One of the most effective ways is to direct your employees with this task is to simply have them ask the customers themselves. “How did we deal with your query?” gives you first-hand insight into how your team members are performing on an instance-by-instance basis, and of course the call handlers who ask the question get instant feedback on whether the level of service was up to par. For their own professional pride, if nothing else, they won’t want this conversation to be a negative one.

It’s a much more effective way of gauging performance than asking a customer to complete a survey. Often customers feel they don’t have the time to go through a survey, no matter what the benefits may be.

Assigning a customer query a particular ID also means you can track its status, as well as monitor whether it reappears, signifying that the query was not successfully answered first time around.

First Call Resolution doesn’t start with your agent

Many solutions exist in order for your business to understand the problem, and find a solution right away. For example, First Call Resolution software can track how your team deals with problems the caller may be experiencing, by using specific algorithms and speech analytics. This measure of customer service satisfaction can be delivered upon initial contact.

As soon as a customer picks up their phone, the FCR process has begun; getting through, and speaking with an agent is not the start of FCR. A customer may have tried calling outside of office hours, or may be on hold for a lengthy period of time.

Any customer contact that is missed should be monitored as part of the First Call Resolution chain. Although, the part where you begin evaluating your team’s response comes when two way contact is established.

Analytics software, using text mining and speech analytics, enables you to pinpoint particular problem areas whether they are regular issues, or poor performance by staff members. You can then be specific about the gaps in knowledge, training and expertise you must address when it comes to your team.

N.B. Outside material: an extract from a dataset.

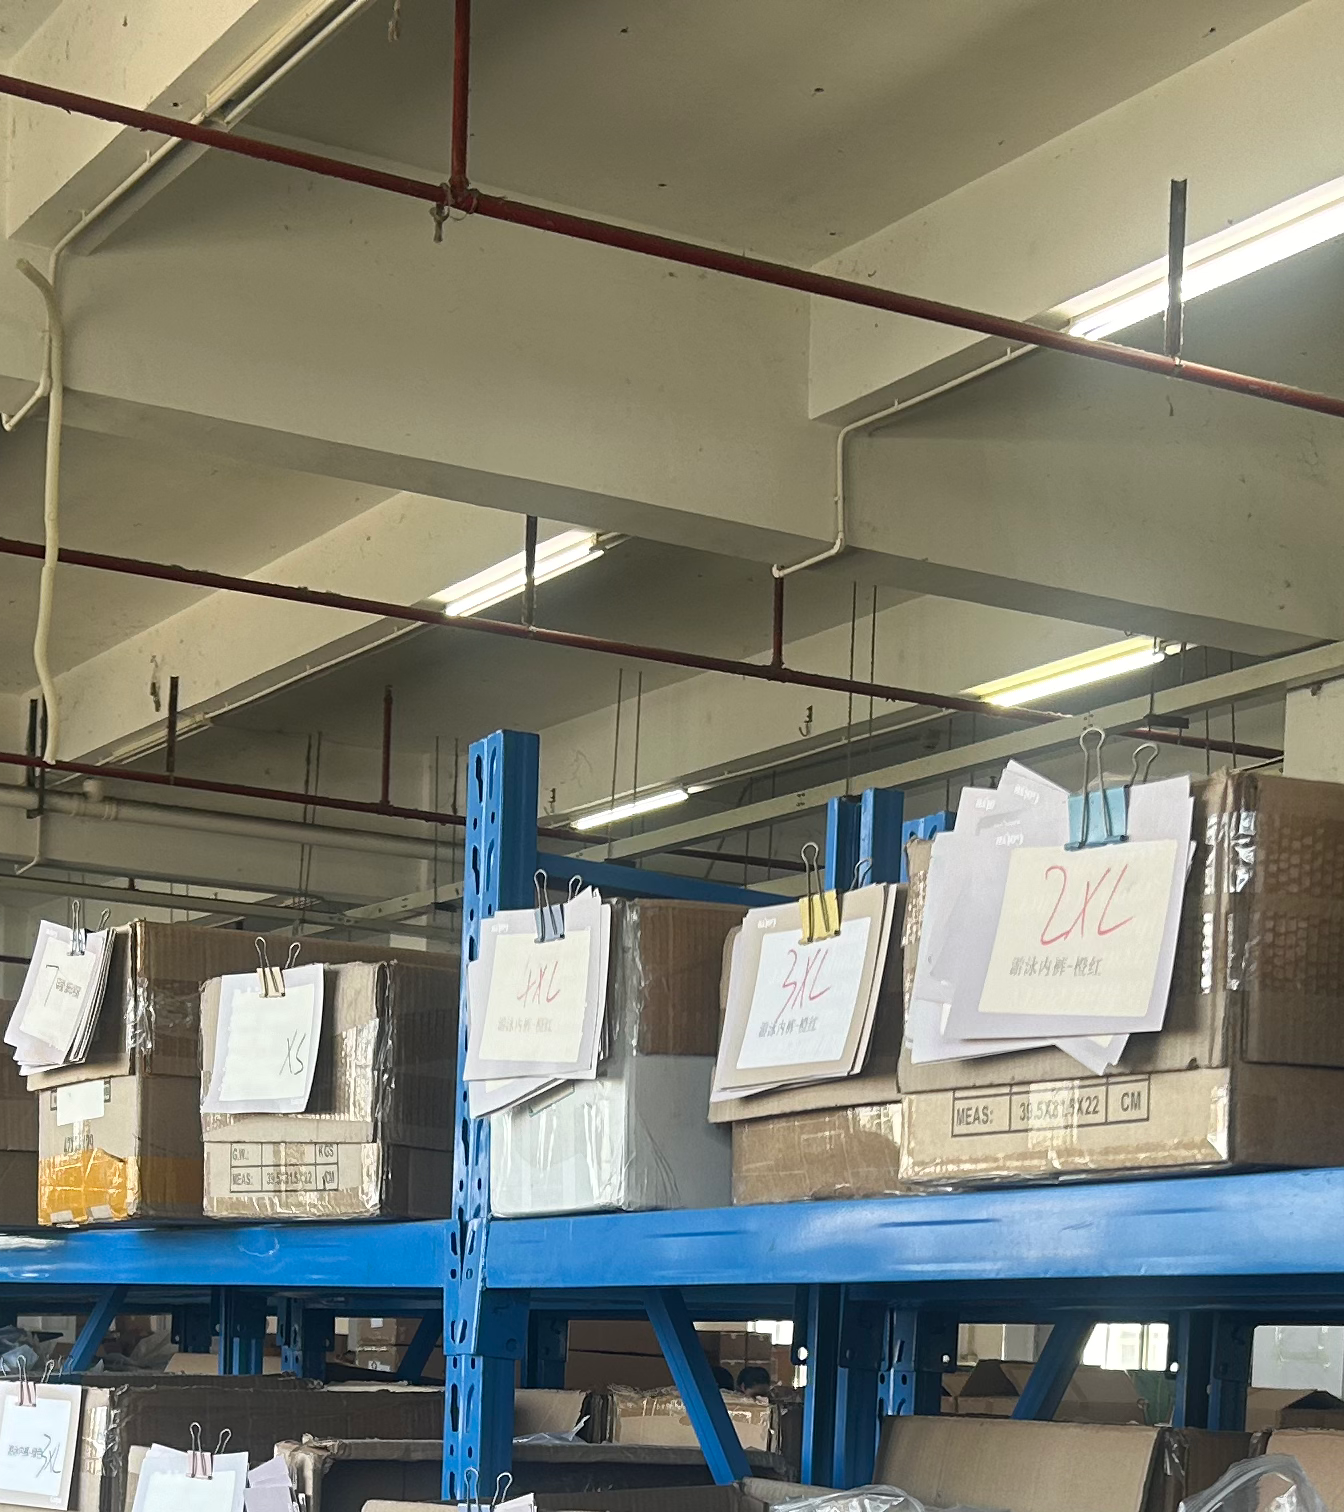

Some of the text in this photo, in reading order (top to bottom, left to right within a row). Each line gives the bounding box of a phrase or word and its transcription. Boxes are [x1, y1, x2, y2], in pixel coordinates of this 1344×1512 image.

Get your team to self-monitor

Ask your team to note whether or not a customer query was solved inside a set period, for example, two to three days. This could be a simple checklist, which is reviewed following each interaction and being noted when a case is successfully closed.  

Reviewing these checklists and comparing them with customer feedback (tracked using the unique query ID) will often reveal that your team members are harder on themselves than your customers are. If staff do care about their own personal performance, they’ll be an effective monitor of themselves.

Make sure you define exactly what you’re monitoring

When measuring First Call Resolution, it’s crucial to be clear on exactly what constitutes a successful outcome. Does ‘resolved’ mean a query has been answered? Or does it mean that, with an answer yet to be found, a customer is happy that you have taken their matter seriously and will investigate?

Analyse this

Speech analytics technology can provide a highly detailed picture of repeat call rate, and can help firms to understand why a call was unresolved after first contact. It also allows you to pinpoint the type of repeat call are handled by each agent, and, if necessary, revise service level agreements.

Social media gives you a window

Take a look at social media channels to get an outside view of how your company is perceived to deal with customer queries. We all know how brutally honest people can be online, and social media can be a good alert system. A lot of negative comments will be the result of poor performance somewhere along the line and hint at a matter that needs to be investigated.

If in the end your customers are happy, then things are running smoothly and your employees must be performing well. Monitor this to get a true gauge on how well you are performing as a workforce, rather than any vague measures you could concoct on your own.